City officials used the reverse 911 system to evacuate residents in the Orient Heights section of the city. A shelter has been set up for those forced to evacuate their homes.
Grateful for the incredible bravery and hard work of our first responders battling the fire in East Boston.— Charlie Baker (@MassGovernor) March 16, 2019
We will continue to support the Orient Heights neighborhood and all those affected, and we urge residents to respect the guidance & direction of public safety officials.

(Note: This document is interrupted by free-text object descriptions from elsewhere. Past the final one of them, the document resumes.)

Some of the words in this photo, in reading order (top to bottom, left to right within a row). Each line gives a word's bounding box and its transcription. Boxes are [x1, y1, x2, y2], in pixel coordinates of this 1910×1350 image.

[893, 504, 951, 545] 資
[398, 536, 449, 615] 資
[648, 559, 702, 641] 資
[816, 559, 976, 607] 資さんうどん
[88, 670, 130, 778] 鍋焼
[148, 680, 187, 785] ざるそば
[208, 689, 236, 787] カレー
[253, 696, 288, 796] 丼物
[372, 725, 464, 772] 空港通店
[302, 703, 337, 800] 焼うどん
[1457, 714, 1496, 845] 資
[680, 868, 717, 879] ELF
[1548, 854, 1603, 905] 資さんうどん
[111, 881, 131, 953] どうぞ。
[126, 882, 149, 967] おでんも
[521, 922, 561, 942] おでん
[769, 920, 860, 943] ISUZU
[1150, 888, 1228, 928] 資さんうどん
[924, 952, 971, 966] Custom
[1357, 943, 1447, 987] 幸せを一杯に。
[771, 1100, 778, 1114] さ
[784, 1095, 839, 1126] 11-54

Finn said the fire extended throughout all of the buildings. "A multitude of buildings" that were connected - some were old, some were new - are a total loss, he said.
"The problem is it's an awfully big fire, for sure. Our issue is water. We need pumps," Finn said.

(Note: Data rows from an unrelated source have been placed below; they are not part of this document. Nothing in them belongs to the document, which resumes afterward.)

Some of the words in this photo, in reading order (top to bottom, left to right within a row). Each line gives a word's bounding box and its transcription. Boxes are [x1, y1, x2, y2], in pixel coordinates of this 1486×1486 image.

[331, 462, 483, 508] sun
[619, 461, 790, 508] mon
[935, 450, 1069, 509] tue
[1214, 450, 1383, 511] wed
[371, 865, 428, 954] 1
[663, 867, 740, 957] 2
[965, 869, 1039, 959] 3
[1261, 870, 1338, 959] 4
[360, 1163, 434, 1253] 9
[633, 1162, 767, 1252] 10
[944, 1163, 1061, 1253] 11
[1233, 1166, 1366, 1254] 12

Report of a building fire at3:04 heavy fire showing at 24 Bennington New England Casket. company East Boston this is now a 3rd alarm pic.twitter.com/rIMbUGcJ7S— Boston Fire Dept. (@BostonFire) March 15, 2019
All companies have been ordered out of the building heavy smoke and fire throughout the building. All companies are working. pic.twitter.com/YgT7vCIoHe— Boston Fire Dept. (@BostonFire) March 15, 2019
A concern has been chemicals from the building seeping into the air, Finn said. The chemicals are used to lacquer the caskets, Finn said.
"They’re less toxic than the real bad stuff. So they are toxic. They are. We've been monitoring and it’s in a good acceptable range," Finn said.

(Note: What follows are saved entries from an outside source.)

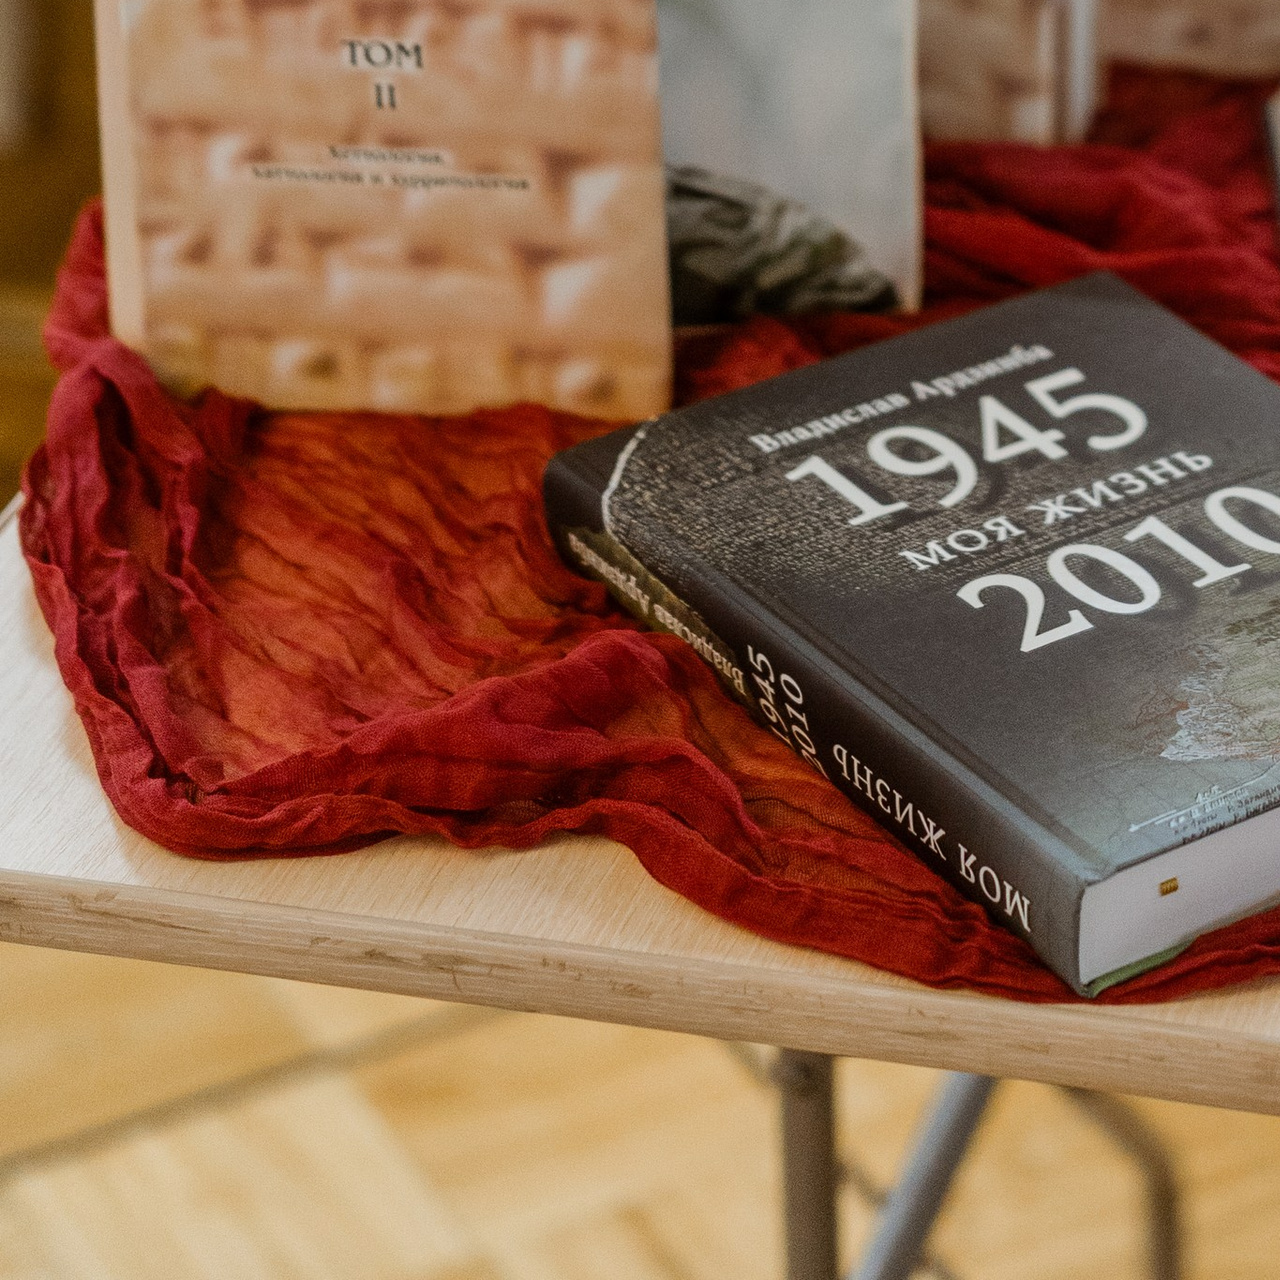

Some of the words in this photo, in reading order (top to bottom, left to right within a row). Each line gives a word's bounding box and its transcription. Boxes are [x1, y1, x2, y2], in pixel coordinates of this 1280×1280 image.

[344, 40, 424, 69] ТОМ
[373, 83, 397, 110] II
[748, 391, 911, 454] Владислав
[784, 366, 1149, 528] 1945
[746, 643, 796, 751] 1945
[832, 743, 947, 861] ЖИЗНЬ
[957, 842, 1032, 934] МОЯ

The MBTA tweeted soon after that the fire department requested the Blue Line suspend its service between Orient Heights and Wonderland with shuttle buses replacing the T between the stops.
That suspended service soon extended to Airport, two stops down the line from Orient Heights.
On Saturday morning, the MBTA released a statement that they will continue to replace service between Wonderland and Airport with shuttle buses going inbound. In the outbound direction, all blue line trains will be be replaced by shuttle buses. Buses will not service the Suffolk Downs station due to "ongoing fire department activity."
"In the inbound direction, replacement buses will serve all Blue Line stations between Wonderland and Airport stations.— David Souza (@dsouza4717) March 16, 2019
"In the outbound direction, buses are serving all stations with the exception of Suffolk Downs because of ongoing fire department activity," per @MBTA release https://t.co/5L4ITlZgaI
#MBTA #BlueLine: Update- At the request of the Boston Fire Department, Blue Line service has been suspended between Orient Heights and Wonderland for Eastbound and Westbound service. Shuttle buses will replace service in both directions.— MBTA (@MBTA) March 15, 2019
Residents in the Orient Height neighborhood were ordered to evacuate due to heavy smoke conditions. Reverse 911 calls went out to those who need to evacuate. They were told to go to Curtis Guild Elementary School at 195 Leyden St.
We are now in the process of evacuating residents in the Orient Height neighborhood around the fire because of the heavy smoke conditions . A 8th alarm has been ordered pic.twitter.com/e7m2Qw3GFC— Boston Fire Dept. (@BostonFire) March 15, 2019
Vasco Cunha had been working at the company for 42 years, and watched as his livelihood and his routine was readied for demolition Saturday.
"I don't know, I'm sad right now, what happened here," Cunha said."
The fire took out the family business, nearly 80 years old, with Lou Tobia as a third-generation owner.
"We make caskets, we sell them all over the country," Tobia said. "So we're not really sure what we're gonna do. We're just taking it one step at a time right now."
The next step will be painful to watch for the owners and workers, as the building gets demolished. Then, the step after that, could be the longest part of the journey.
"We have just under 100 employees," Tobia said. "They're all coming bym they're heartbroken. A lot of them have worked here for a long, long time. So we just got to make sure they're okay, my customers are okay and all that good stuff."
Finn said it's unclear what happened, but said it was a multi-million dollar loss.